*** Block opens ***

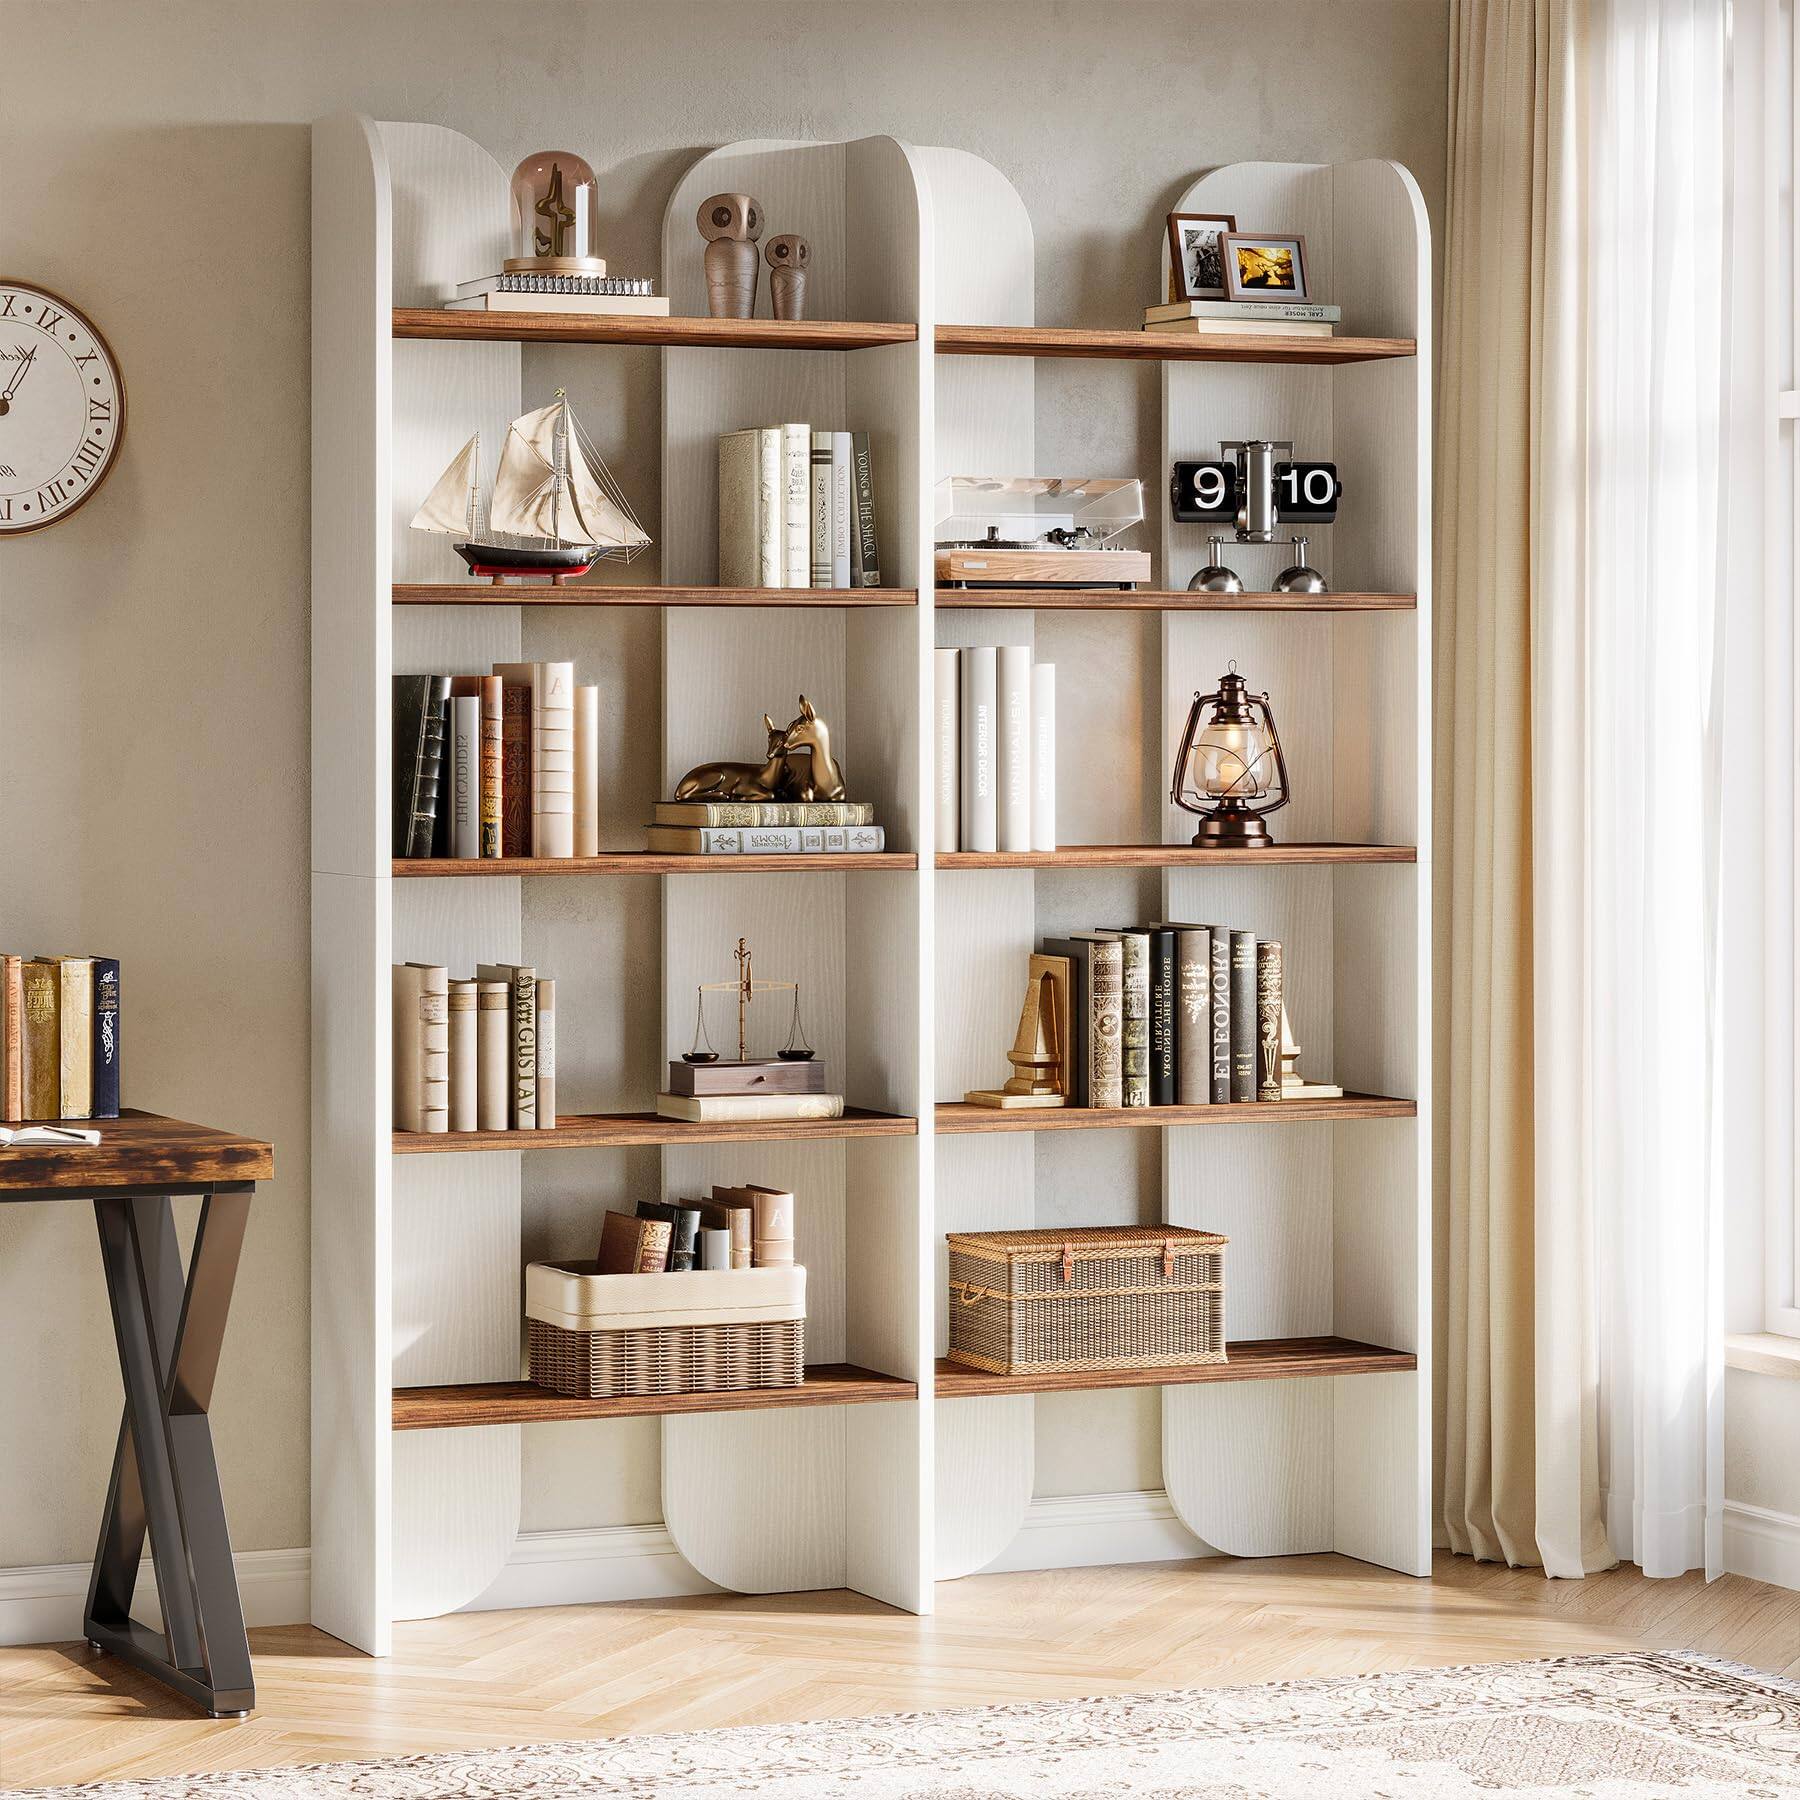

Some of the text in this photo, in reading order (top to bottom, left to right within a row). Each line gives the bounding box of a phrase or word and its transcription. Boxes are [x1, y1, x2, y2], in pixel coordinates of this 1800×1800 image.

[857, 450, 870, 490] YOUNG
[1193, 466, 1226, 510] 9
[1281, 469, 1334, 505] 10
[836, 465, 847, 560] JUMBO COLLECTION
[860, 499, 877, 559] THE SHACK
[550, 677, 565, 696] A
[977, 704, 988, 797] INTERIOR DECOR
[1009, 690, 1023, 806] MINIMALISM
[517, 1027, 536, 1115] GUSTAV
[768, 1208, 785, 1227] A
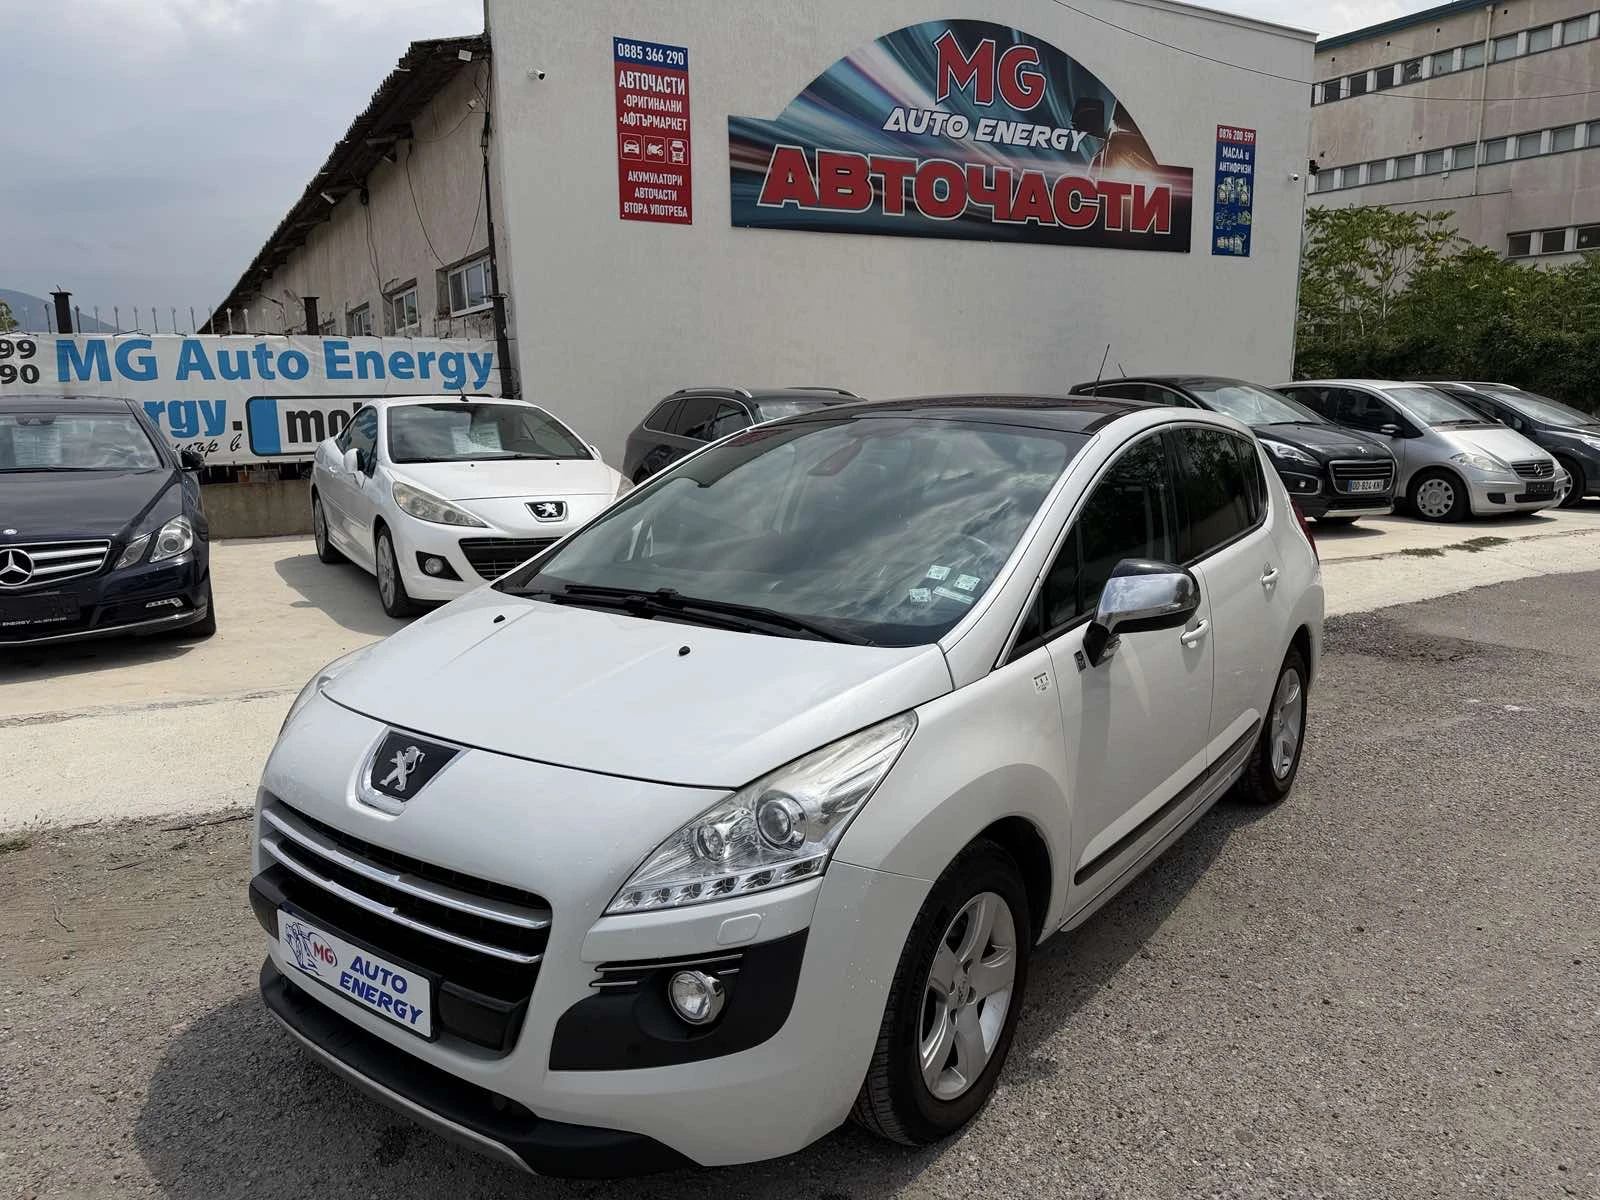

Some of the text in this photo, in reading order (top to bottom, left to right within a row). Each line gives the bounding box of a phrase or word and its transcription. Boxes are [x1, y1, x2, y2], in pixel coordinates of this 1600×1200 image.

[617, 43, 684, 66] 0885 366 290
[932, 29, 1046, 112] MG
[619, 70, 686, 96] АВТОЧАСТИ
[883, 107, 1088, 153] AUTO ENERGY
[1222, 146, 1243, 160] МАСЛА
[627, 170, 683, 187] АКУМУЛАТОРИ
[634, 187, 677, 202] АВТОЧАСТИ
[757, 144, 1172, 235] АВТОЧАСТИ
[624, 202, 688, 218] ВТОРА УПОТРЕБА
[56, 339, 494, 391] MG Auto Energy
[286, 402, 363, 443] mo
[313, 942, 335, 965] MG
[349, 955, 408, 995] AUTO
[339, 971, 424, 1026] ENERGY

*** Block closes ***

Your instructions: Take the line containing "this 1600×1200 image." and every line after it up to the last line of the listing, and output them exactly, with nothing else.

Solution to the problem:
Some of the text in this photo, in reading order (top to bottom, left to right within a row). Each line gives the bounding box of a phrase or word and its transcription. Boxes are [x1, y1, x2, y2], in pixel coordinates of this 1600×1200 image.

[617, 43, 684, 66] 0885 366 290
[932, 29, 1046, 112] MG
[619, 70, 686, 96] АВТОЧАСТИ
[883, 107, 1088, 153] AUTO ENERGY
[1222, 146, 1243, 160] МАСЛА
[627, 170, 683, 187] АКУМУЛАТОРИ
[634, 187, 677, 202] АВТОЧАСТИ
[757, 144, 1172, 235] АВТОЧАСТИ
[624, 202, 688, 218] ВТОРА УПОТРЕБА
[56, 339, 494, 391] MG Auto Energy
[286, 402, 363, 443] mo
[313, 942, 335, 965] MG
[349, 955, 408, 995] AUTO
[339, 971, 424, 1026] ENERGY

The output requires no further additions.